I’m feeling pretty good and am going about my life much as usual.  (I have kids. I have to.) I developed some small sores in my mouth, which could be just one of those normal things or a side-effect of the Adriamycin. I’ve been doing the daily mouth rinses to prevent them — a baking soda and salt solution that reminds me distinctly of the homemade version of toothpaste we used as kids.  As long as the sores don’t continue or get in the way of eating, I’m not going to worry too much about them. I’m also going to physical therapy twice a week to get my left arm back to normal from the surgery.  So far, they haven’t hurt me too much.

Part of my energy level may be due to the steroids (dexamethasone) they give me before the infusion. They’re intended to prevent allergic reactions and boost the effects of the antinausea medicine.  The added benefit is extra energy (prompting the nurse’s story about that patient and her 3-day housecleaning frenzy), which may be masking any fatigue I’m having. I’ve noticed that my spirits tend to sag toward the end of the week, and even though the infusions have gone well so far (fingers and all other appendages crossed), Sunday brings a sense of dread.

My hair has begun to come out.  Last week, I started noticing more hair than usual in the shower drain and in the comb.  This week, it’s even more.  I counted the hairs on my pillow a couple mornings ago: 104. No bald spots yet, but it’s definitely thinner.  I figure I’ll need a shave (but no haircut) maybe early next week.

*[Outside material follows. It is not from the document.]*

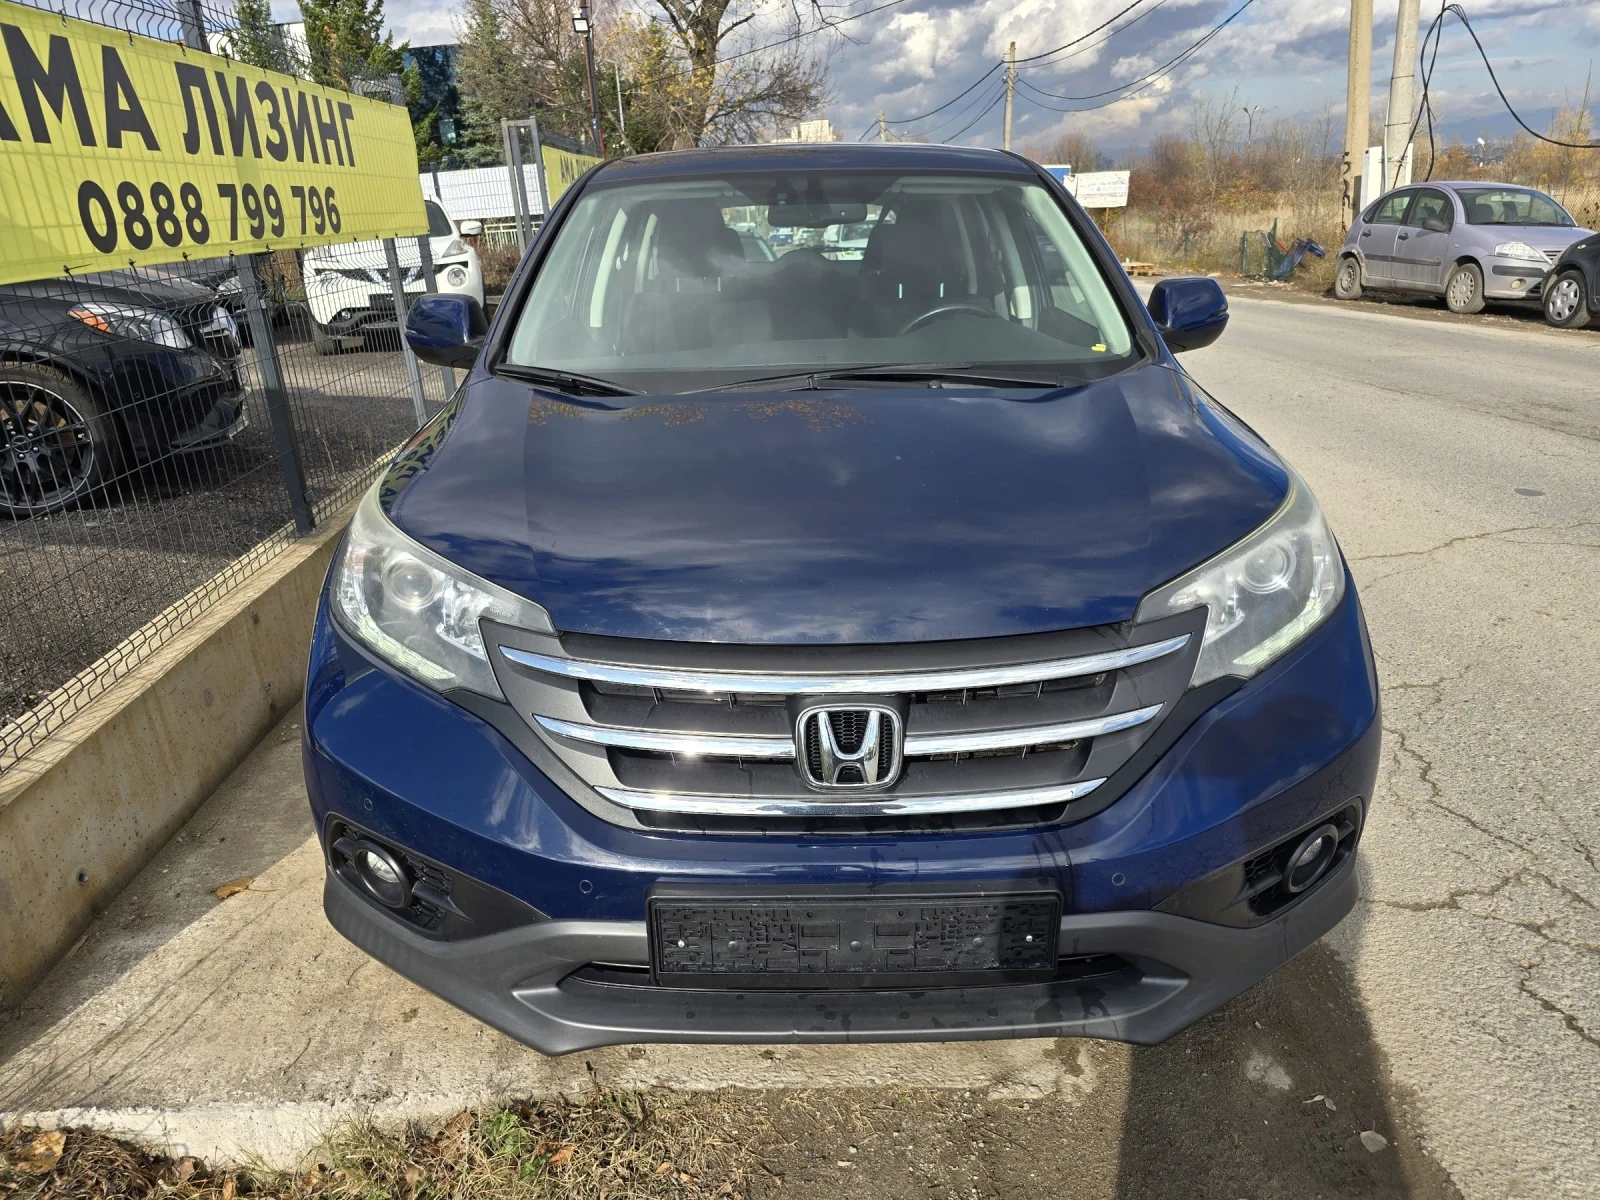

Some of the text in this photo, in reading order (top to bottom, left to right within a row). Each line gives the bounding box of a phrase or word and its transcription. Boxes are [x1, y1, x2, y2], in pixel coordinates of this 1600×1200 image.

I’ve got mixed feelings about the hair loss.  They guaranteed I would lose it, so I’ve known it’s supposed to happen, and it’s a good thing that it’s a process, not an overnight event.  The fact that it started later than those 19 days the doc predicted had me worried (Were the drugs working? Had something gone wrong?).  Turns out that, with the weekly doses, the process starts later since the individual drug doses aren’t as strong. I am alternately relieved, saddened, and annoyed by the hair loss.  OK, the “party” has started –’bout time! – but the gentle flick against my neck as another hair falls is sobering.  And then, growl, when I stand up straight from brushing my teeth, there’s MORE hair in the sink.  I’m starting to understand how guys feel when they lose their hair.   Many women will say they don’t mind if their male partners lose their hair, but when it comes to losing your own, well, that’s a different story.  At least I know that this is temporary.

As I’ve shopped around for ideas for headcoverings, I’ve discovered a few things.  First, I look ghastly in baseball caps, even with hair.  Sames goes for those quasi-safari hiking hats.  My daughter was helping me try on hats a couple weekends ago, and we found online a neutral one with a small brim that looks OK.  She adorned it with a raspberry colored ribbon to dress it up.  On the Internet, I found a website that stocks an amazing assortment of products for chemotherapy patients:  hats, wigs, scarves, and even false eyelashes and eyebrows. Discovering the site was heartening (“Wow, look at what someone has done to put this all together for cancer patients!”) and saddening (“Wow. Look at the reason I’m viewing this site.”)

But I figure there are advantages to hair loss:  I’ll never have to worry about good hair days (don’t think I had many of those anyway) or bad hair days.  All my days will be no hair days. (Hair today, gone tomorrow — lots of potential for jokes and wordplay there.) Lots of money saved on haircuts and hair-care products.  For some people, that alone could improve their economic situation.  Less time in the shower (no hair washing OR shaving — we’re talking *total* hair loss with the Adriamycin) and no more deafening hair-dryer noise.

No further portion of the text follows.